- [Prompt]:
Word for word, copy out the entries below, but not the pictures in them.

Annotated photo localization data
# # # # # # #

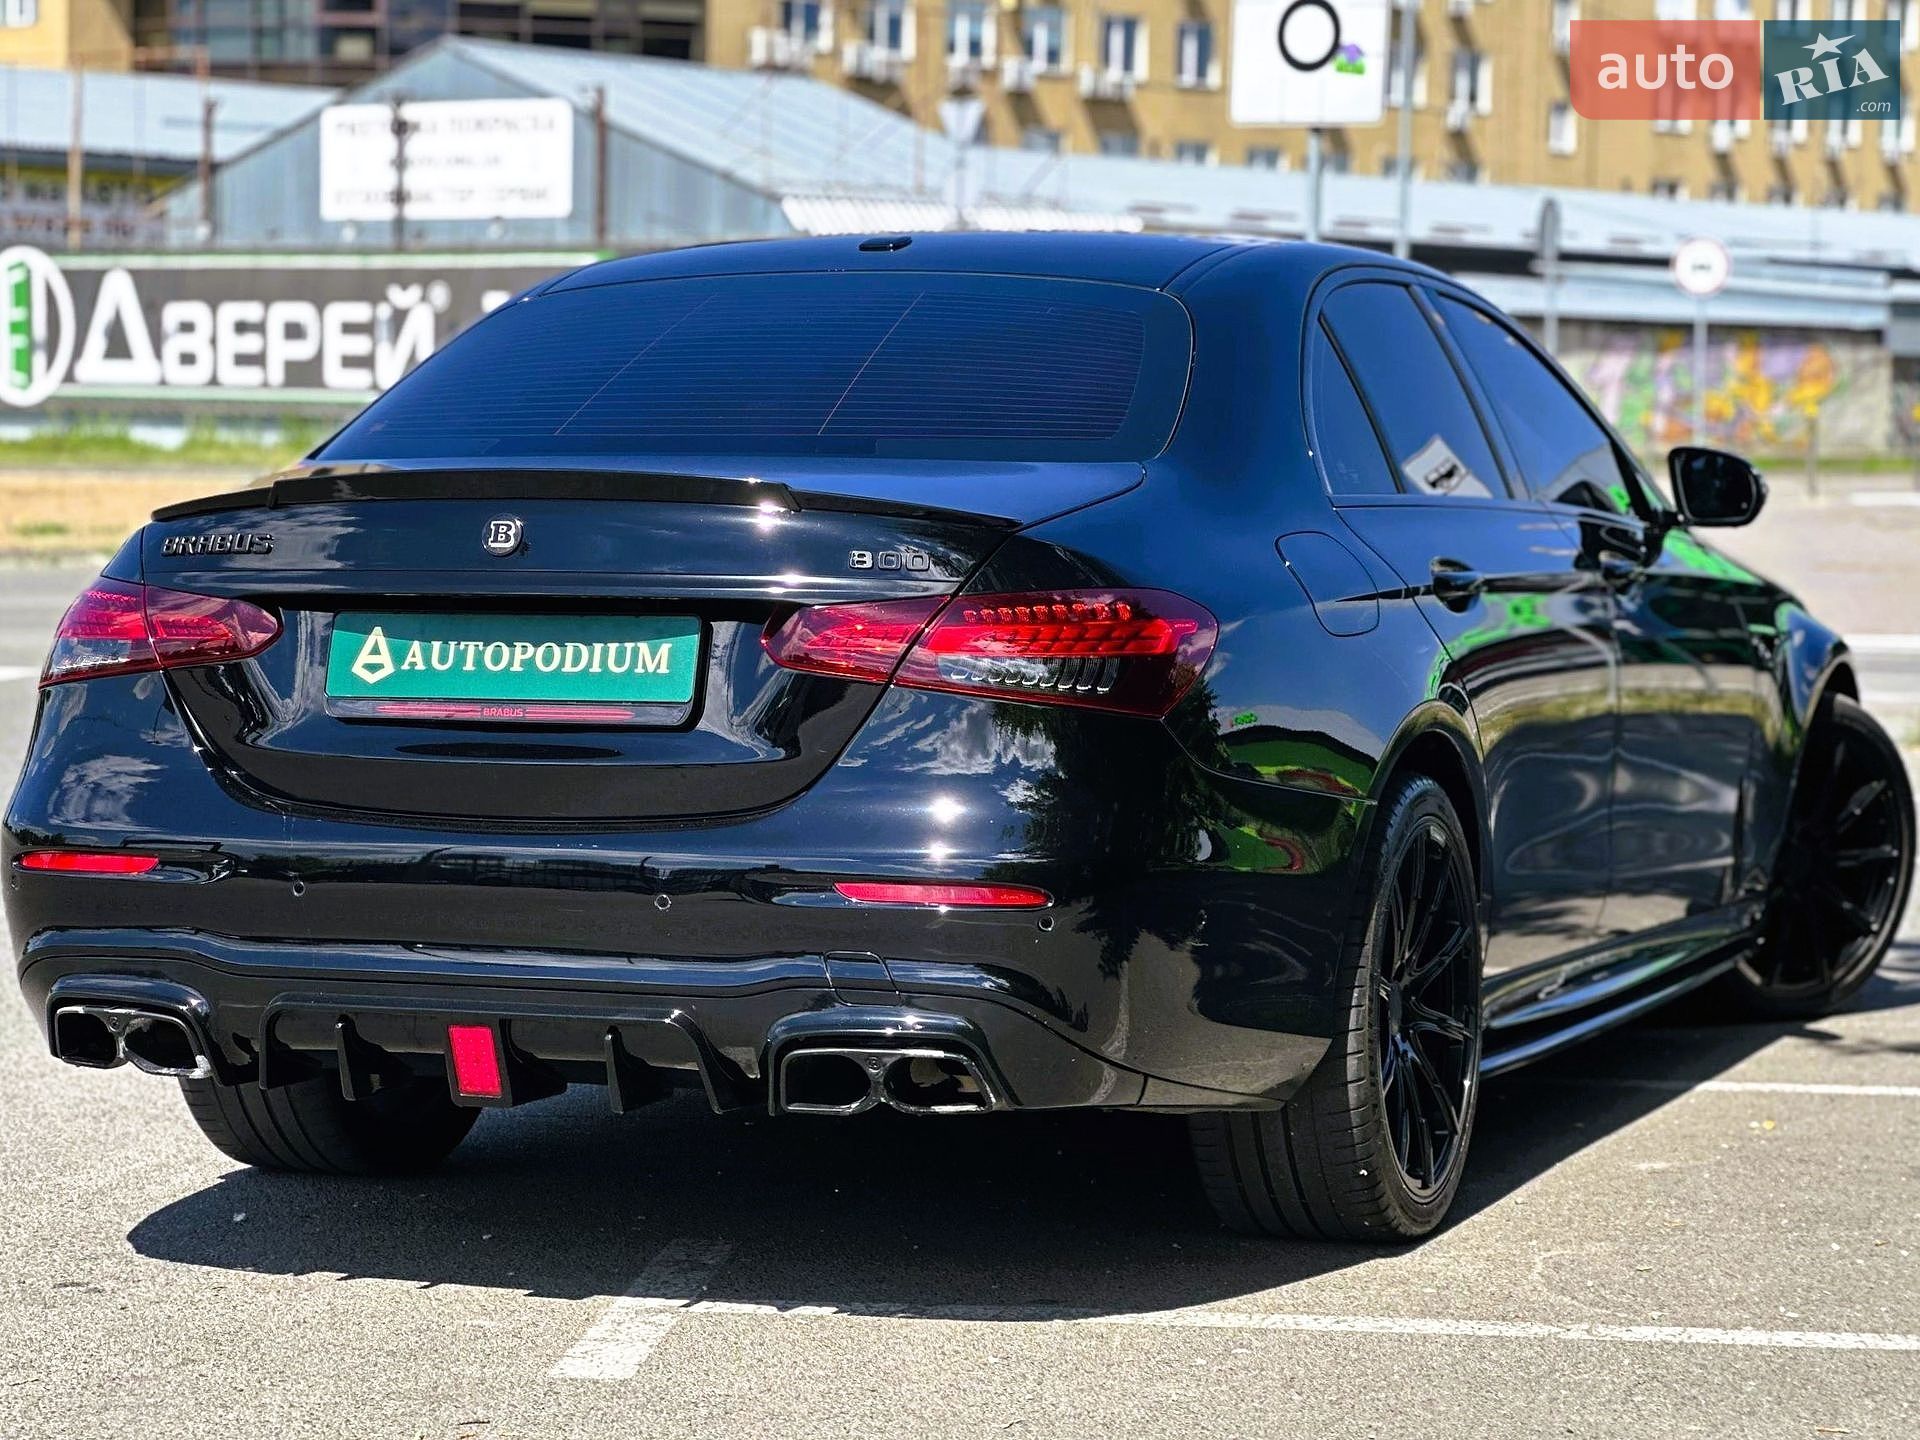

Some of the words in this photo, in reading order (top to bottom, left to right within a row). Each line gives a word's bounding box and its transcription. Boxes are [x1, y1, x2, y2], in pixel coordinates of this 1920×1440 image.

[488, 520, 516, 548] B
[849, 550, 931, 572] 800
[401, 640, 673, 674] AUTOPODIUM
[483, 707, 524, 717] BRABUS
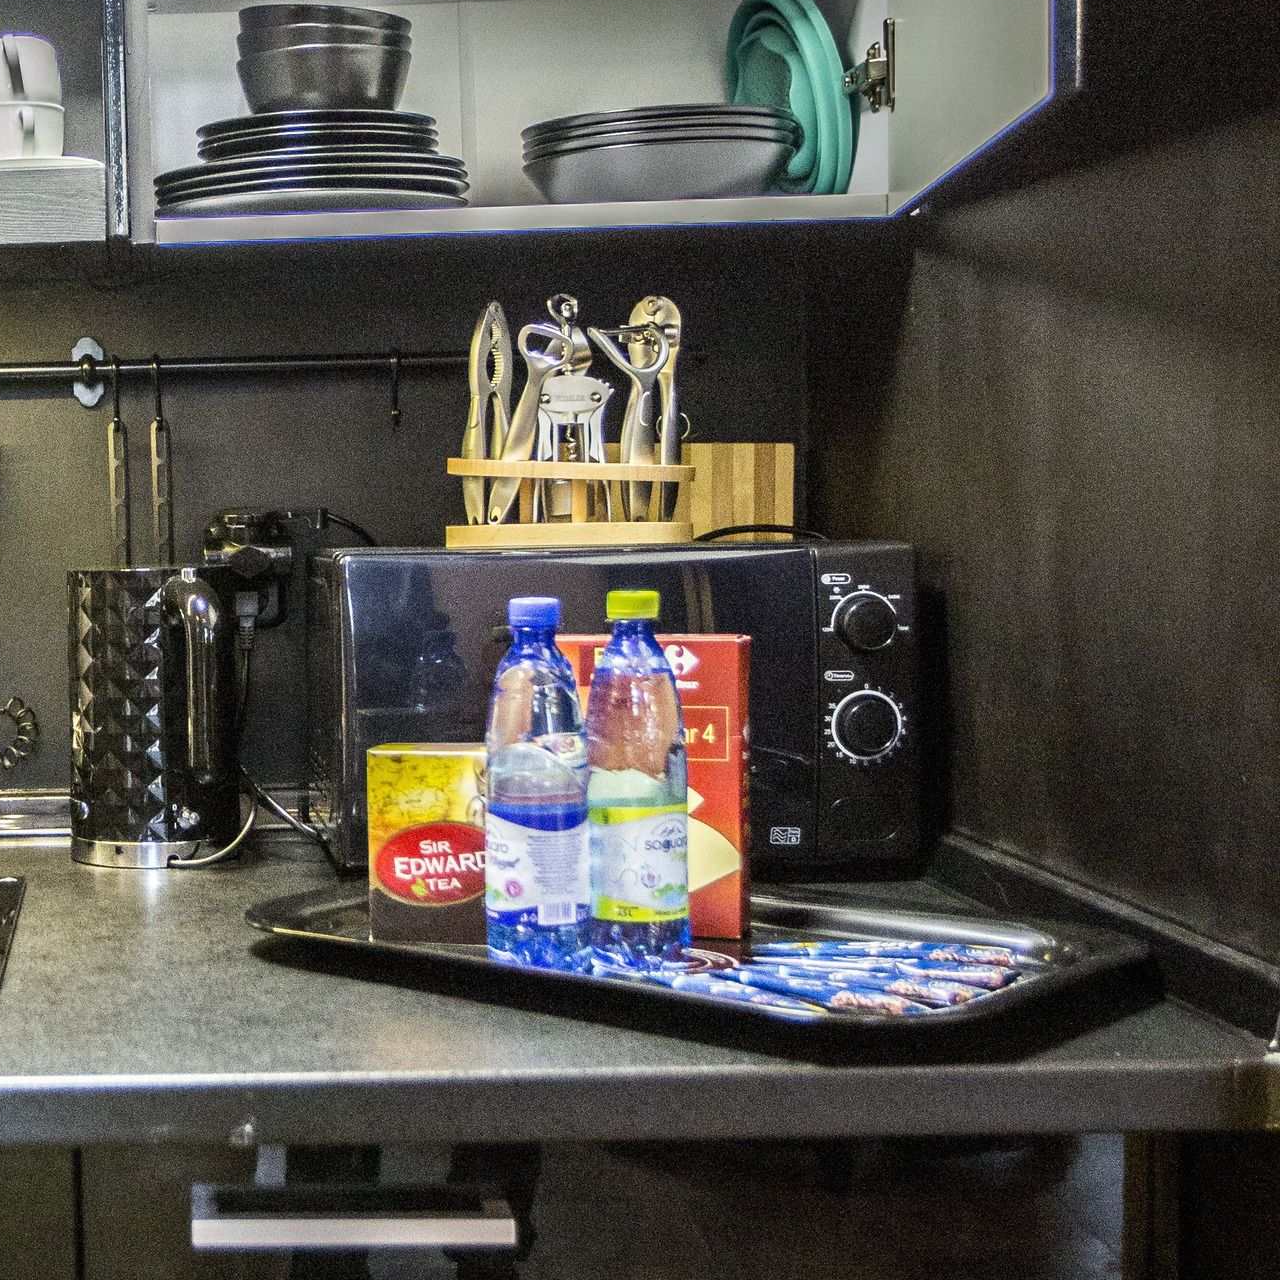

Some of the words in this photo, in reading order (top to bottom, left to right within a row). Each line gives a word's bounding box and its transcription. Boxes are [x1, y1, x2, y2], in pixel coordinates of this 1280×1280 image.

[702, 723, 715, 743] 4
[419, 840, 453, 855] SIR
[393, 851, 485, 880] EDWARD
[426, 877, 462, 891] TEA
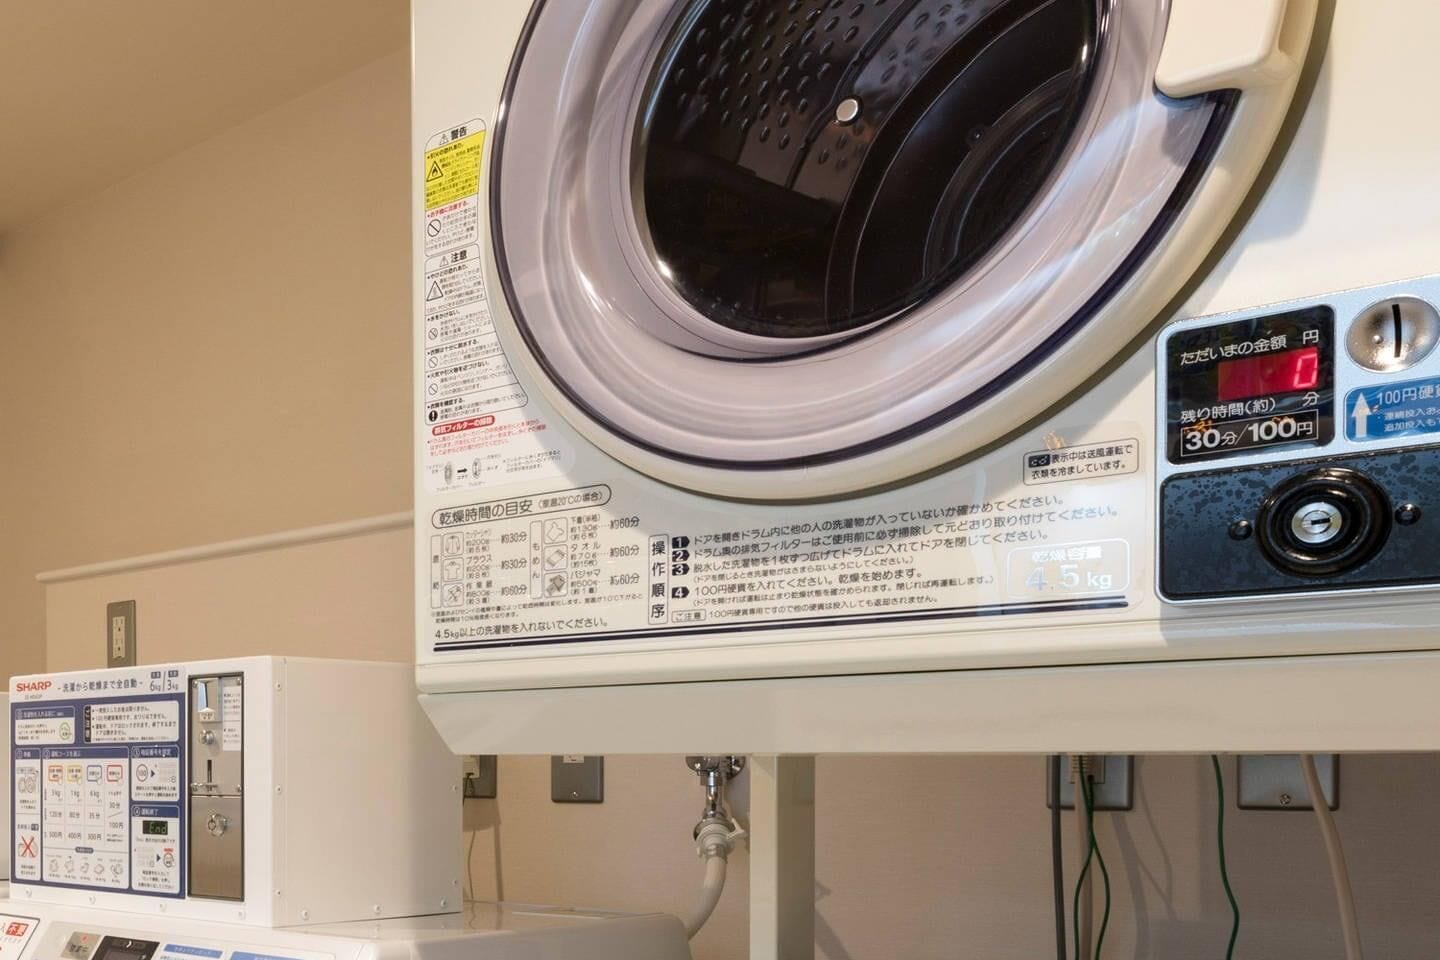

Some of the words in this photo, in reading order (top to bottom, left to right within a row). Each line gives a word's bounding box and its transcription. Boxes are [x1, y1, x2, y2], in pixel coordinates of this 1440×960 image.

# # # # # # #

- [Problem solution]:
Some of the words in this photo, in reading order (top to bottom, left to right within a row). Each line gives a word's bounding box and its transcription. Boxes are [x1, y1, x2, y2], in pixel coordinates of this 1920×1440 image.

[488, 520, 516, 548] B
[849, 550, 931, 572] 800
[401, 640, 673, 674] AUTOPODIUM
[483, 707, 524, 717] BRABUS

Some of the words in this photo, in reading order (top to bottom, left to right within a row). Each line gives a word's bounding box and its transcription. Boxes are [x1, y1, x2, y2], in pixel coordinates of this 1280×1280 image.

[702, 723, 715, 743] 4
[419, 840, 453, 855] SIR
[393, 851, 485, 880] EDWARD
[426, 877, 462, 891] TEA

Some of the words in this photo, in reading order (top to bottom, left to right within a row). Each line gives a word's bounding box and its transcription. Boxes are [x1, y1, x2, y2], in pixel coordinates of this 1440×960 image.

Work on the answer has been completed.